Annotated photo localization data
--------------------
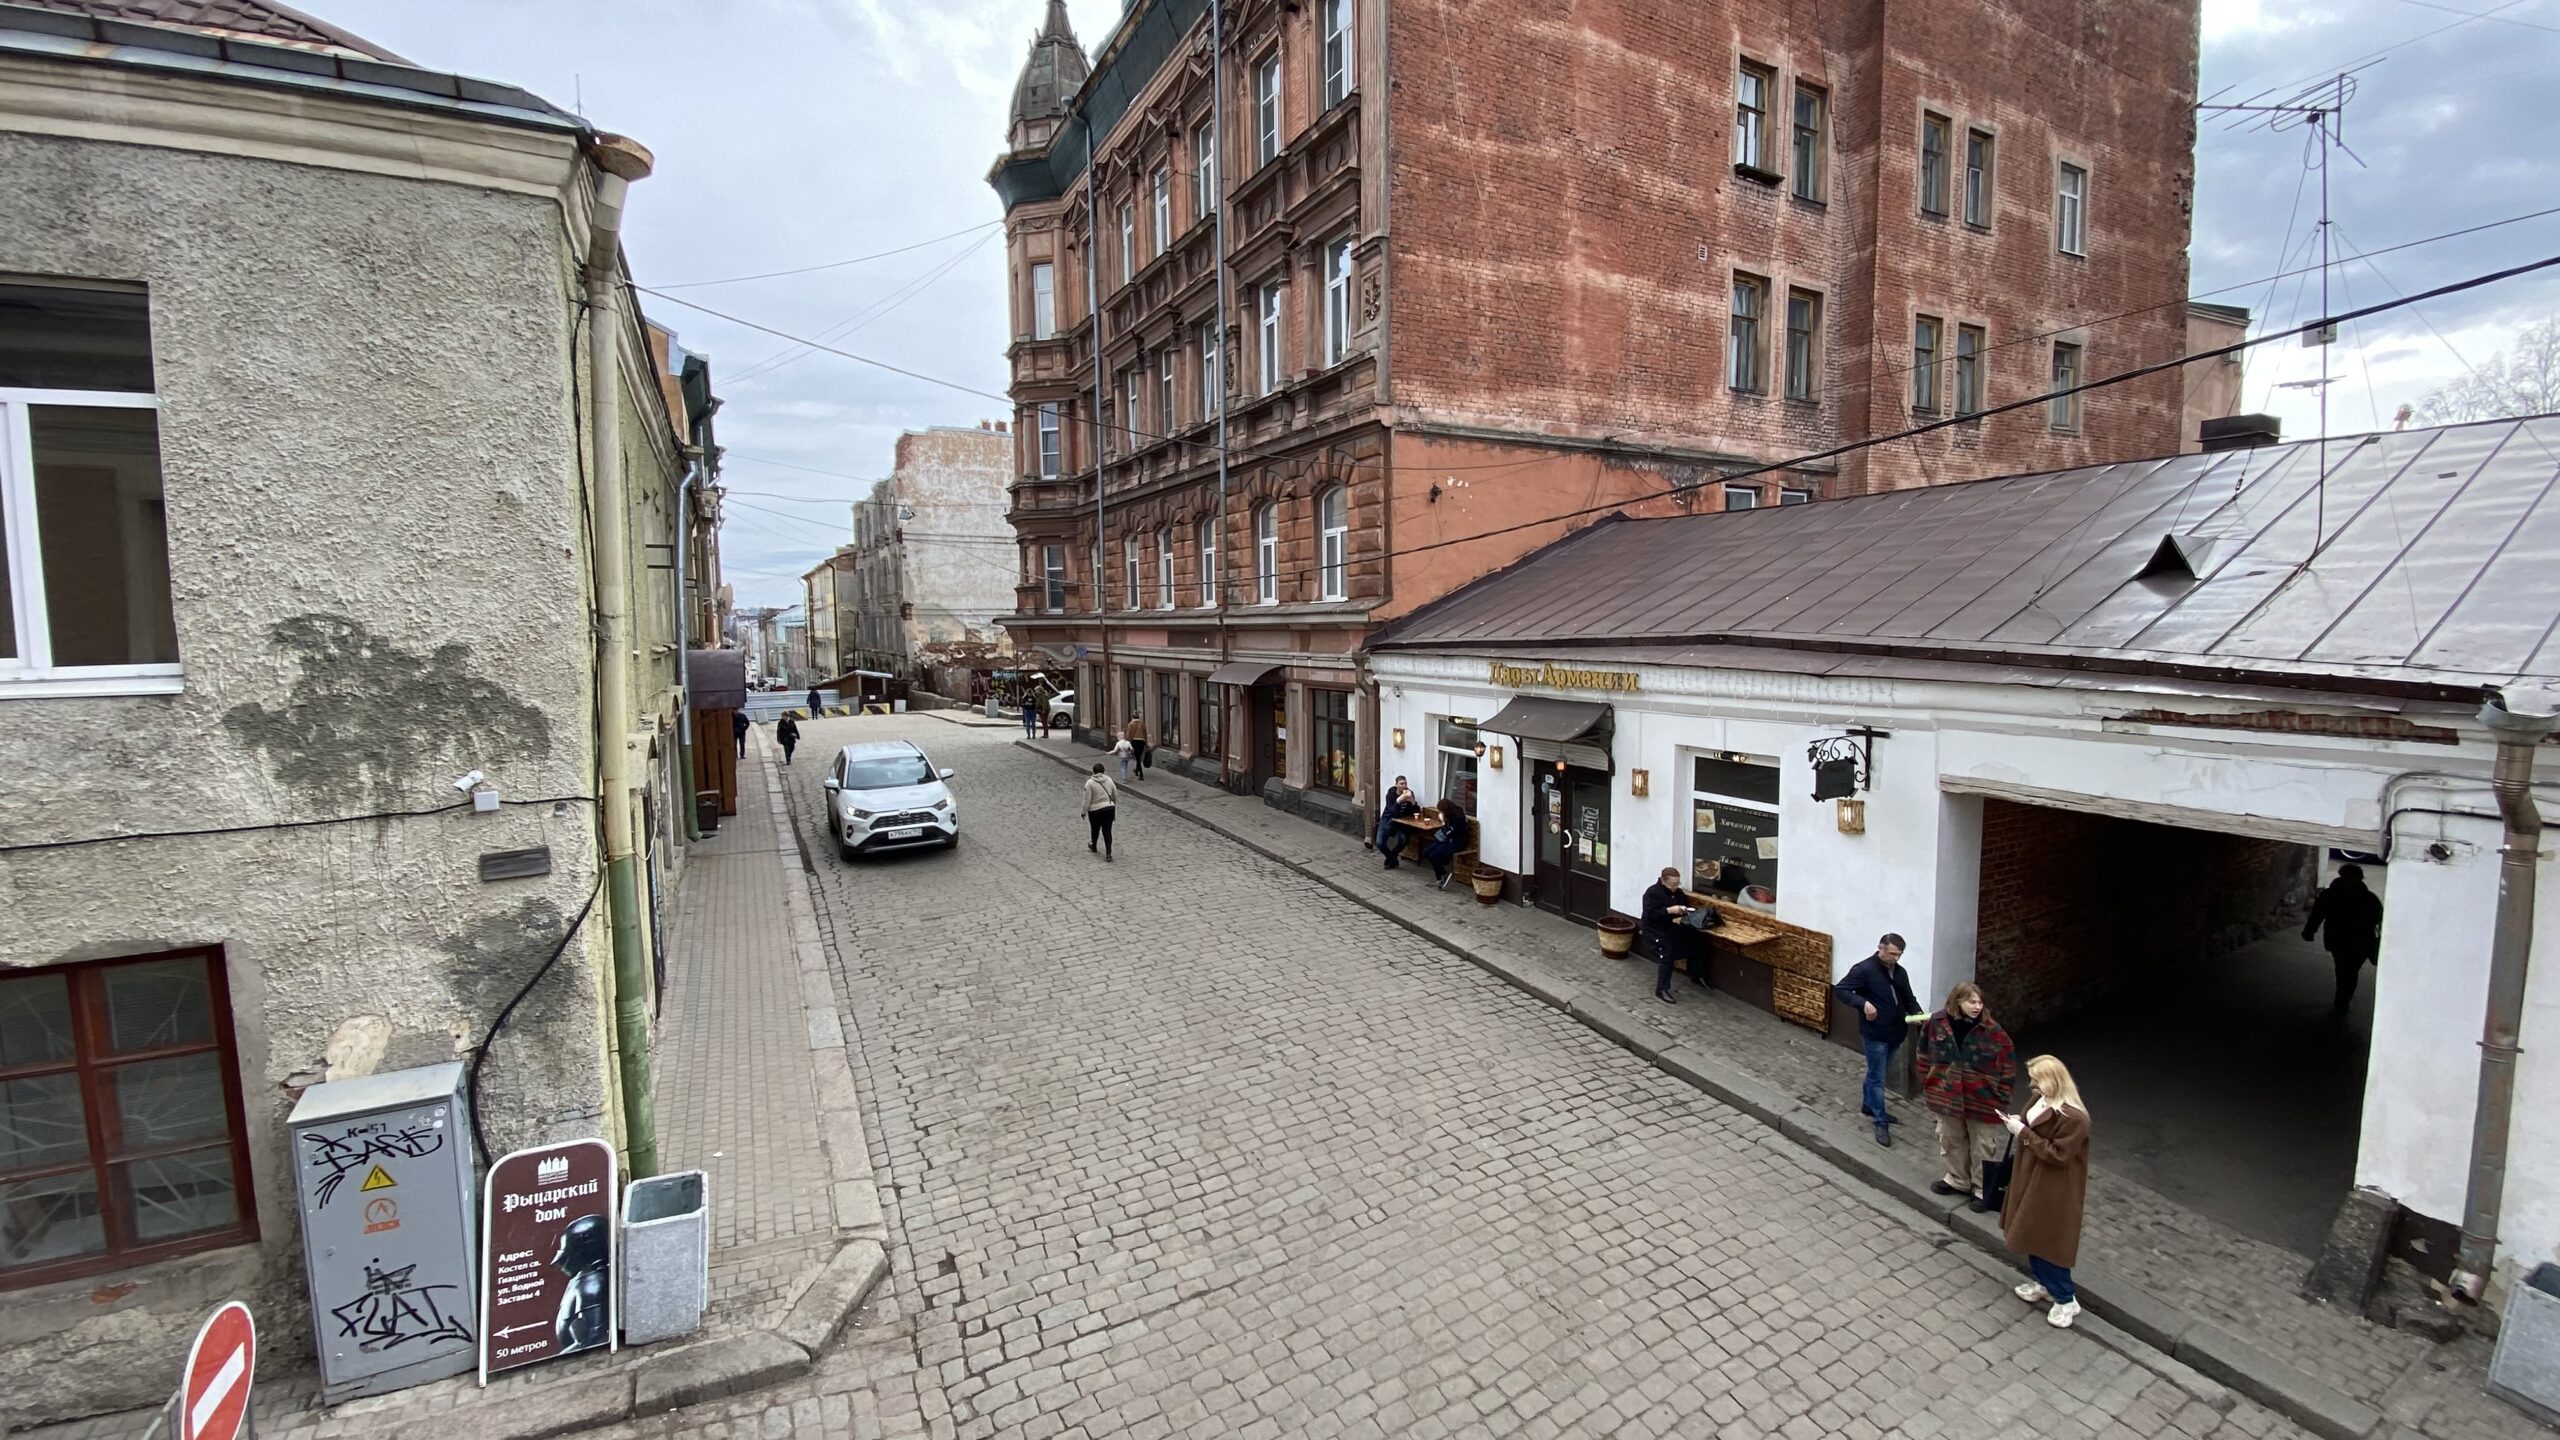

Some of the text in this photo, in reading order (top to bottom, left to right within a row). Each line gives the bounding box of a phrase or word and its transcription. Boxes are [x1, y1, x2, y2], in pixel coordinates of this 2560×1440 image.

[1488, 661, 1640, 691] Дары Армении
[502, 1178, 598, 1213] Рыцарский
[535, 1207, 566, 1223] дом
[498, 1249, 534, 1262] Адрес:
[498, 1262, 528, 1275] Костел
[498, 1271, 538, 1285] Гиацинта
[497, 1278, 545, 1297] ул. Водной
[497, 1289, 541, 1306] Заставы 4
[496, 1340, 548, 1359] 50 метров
--------------------
TASK DESCRIPTION: A precise copy of each record, with the images removed, should be output.

SOLUTION FOR THIS TASK:
Some of the text in this photo, in reading order (top to bottom, left to right within a row). Each line gives the bounding box of a phrase or word and its transcription. Boxes are [x1, y1, x2, y2], in pixel coordinates of this 2560×1440 image.

[1488, 661, 1640, 691] Дары Армении
[502, 1178, 598, 1213] Рыцарский
[535, 1207, 566, 1223] дом
[498, 1249, 534, 1262] Адрес:
[498, 1262, 528, 1275] Костел
[498, 1271, 538, 1285] Гиацинта
[497, 1278, 545, 1297] ул. Водной
[497, 1289, 541, 1306] Заставы 4
[496, 1340, 548, 1359] 50 метров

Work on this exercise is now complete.